Das ist die gefährliche Versuchung - ich habe sie bei anderen Gelegenheiten in Erinnerung gerufen - der spirituellen Weltlichkeit, die im Gegensatz zu allen anderen Versuchungen schwer zu entlarven ist, weil sie von allem verdeckt wird, was uns normalerweise beruhigt: unsere Rolle, die Liturgie, die Lehre, die Religiosität. In Evangelii gaudium habe ich geschrieben: »In diesem Kontext wird die Ruhmsucht derer gefördert, die sich damit zufrieden geben, eine gewisse Macht zu besitzen, und lieber Generäle von geschlagenen Heeren sein wollen, als einfache Soldaten einer Schwadron, die weiterkämpft. Wie oft erträumen wir peinlich genaue und gut entworfene apostolische Expansionsprojekte, typisch für besiegte Generäle! So verleugnen wir unsere Kirchengeschichte, die ruhmreich ist, insofern sie eine Geschichte der Opfer, der Hoffnung, des täglichen Ringens, des im Dienst aufgeriebenen Lebens, der Beständigkeit in mühevoller Arbeit ist, denn jede Arbeit geschieht „im Schweiß unseres Angesichts“. Stattdessen unterhalten wir uns eitel und sprechen über „das, was man tun müsste“ – die Sünde des „man müsste tun“ – wie spirituelle Lehrer und Experten der Seelsorge, die einen Weg weisen, ihn selber aber nicht gehen. Wir pflegen unsere grenzenlose Fantasie und verlieren den Kontakt zu der durchlittenen Wirklichkeit unseres gläubigen Volkes« (Nr. 96).

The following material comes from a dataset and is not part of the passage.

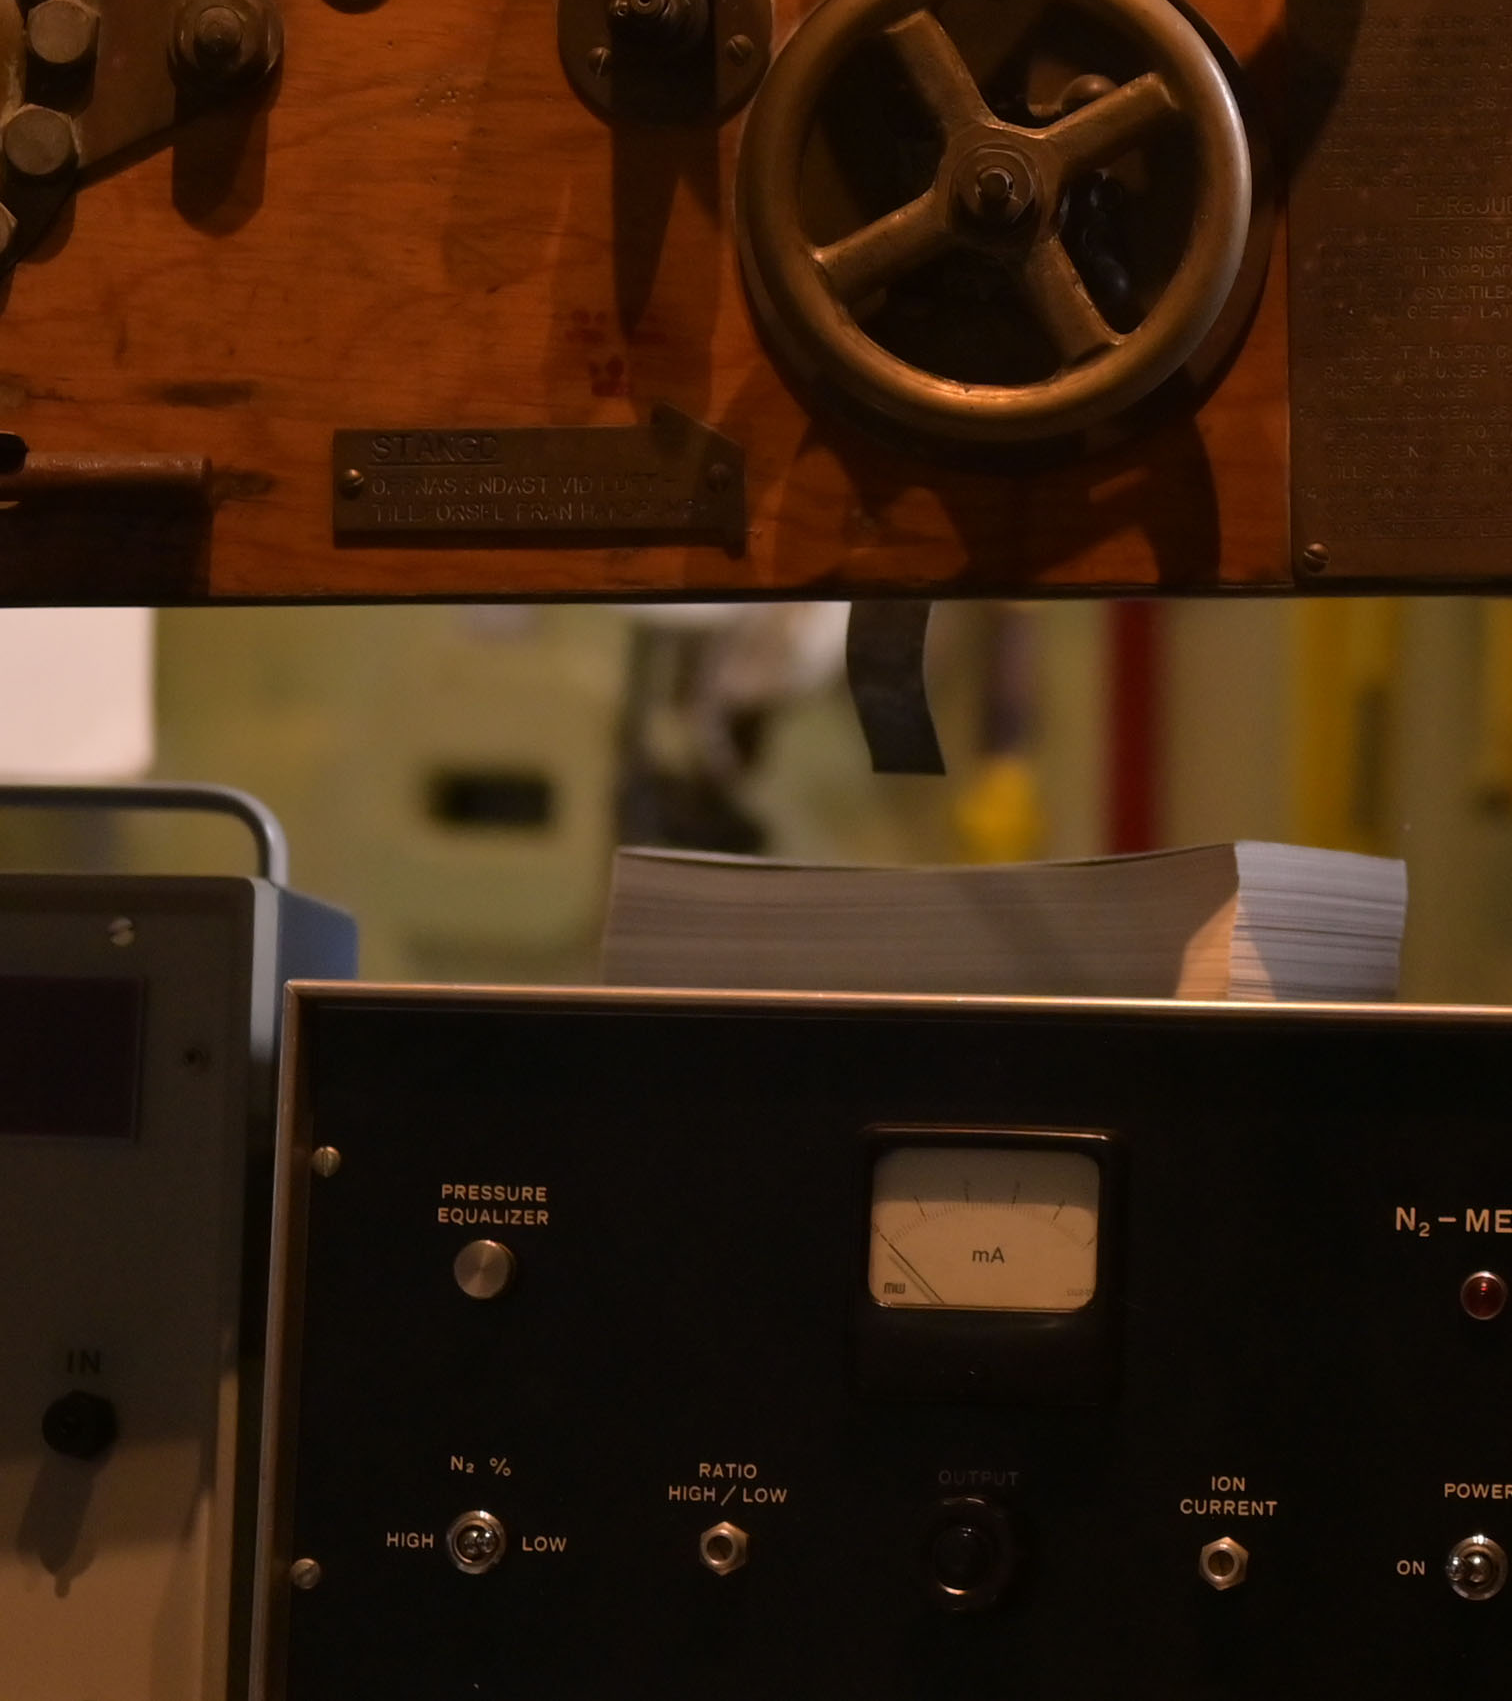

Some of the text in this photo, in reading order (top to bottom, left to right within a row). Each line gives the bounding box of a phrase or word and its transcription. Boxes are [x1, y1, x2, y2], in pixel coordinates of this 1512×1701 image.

Demut ist die Fähigkeit, unser Menschsein ohne Verzweiflung, mit Realismus, Freude und Hoffnung auszufüllen; dieses Menschsein, das vom Herrn geliebt und gesegnet wird. Demut bedeutet zu verstehen, dass wir uns unserer Schwäche nicht schämen müssen. Jesus lehrt uns, unser Elend mit der gleichen Liebe und Zärtlichkeit zu betrachten, mit der man ein kleines, zerbrechliches Kind ansieht, das alles braucht. Ohne Demut werden wir nach Bestätigungen suchen und sie vielleicht auch finden, aber wir werden gewiss nicht das finden, was uns rettet, was uns heilen kann. Die Bestätigungen sind die verdorbenste Frucht der spirituellen Weltlichkeit, die einen Mangel an Glauben, Hoffnung und Liebe offenbaren und zu einer Unfähigkeit werden, die Wahrheit der Dinge richtig zu erkennen und einzuordnen. Hätte Naaman nur weiter Medaillen für seine Rüstung gesammelt, wäre er schließlich von der Lepra verzehrt worden: scheinbar lebendig, ja, aber verschlossen und isoliert in seiner Krankheit. Er sucht mutig nach dem, was ihn retten kann, und nicht nach dem, was ihn unmittelbar zufriedenstellt.
Wir alle wissen, dass das Gegenteil der Demut der Stolz ist. Ein Vers des Propheten Maleachi, der mich sehr berührt; dieser Vers hilft uns, den Unterschied zwischen dem Weg der Demut und dem Weg des Stolzes zu verstehen: »Da werden alle Überheblichen und alle Frevler zu Spreu und der Tag, der kommt, wird sie verbrennen, spricht der Herr der Heerscharen. Weder Wurzel noch Zweig wird ihnen dann bleiben« (3,19).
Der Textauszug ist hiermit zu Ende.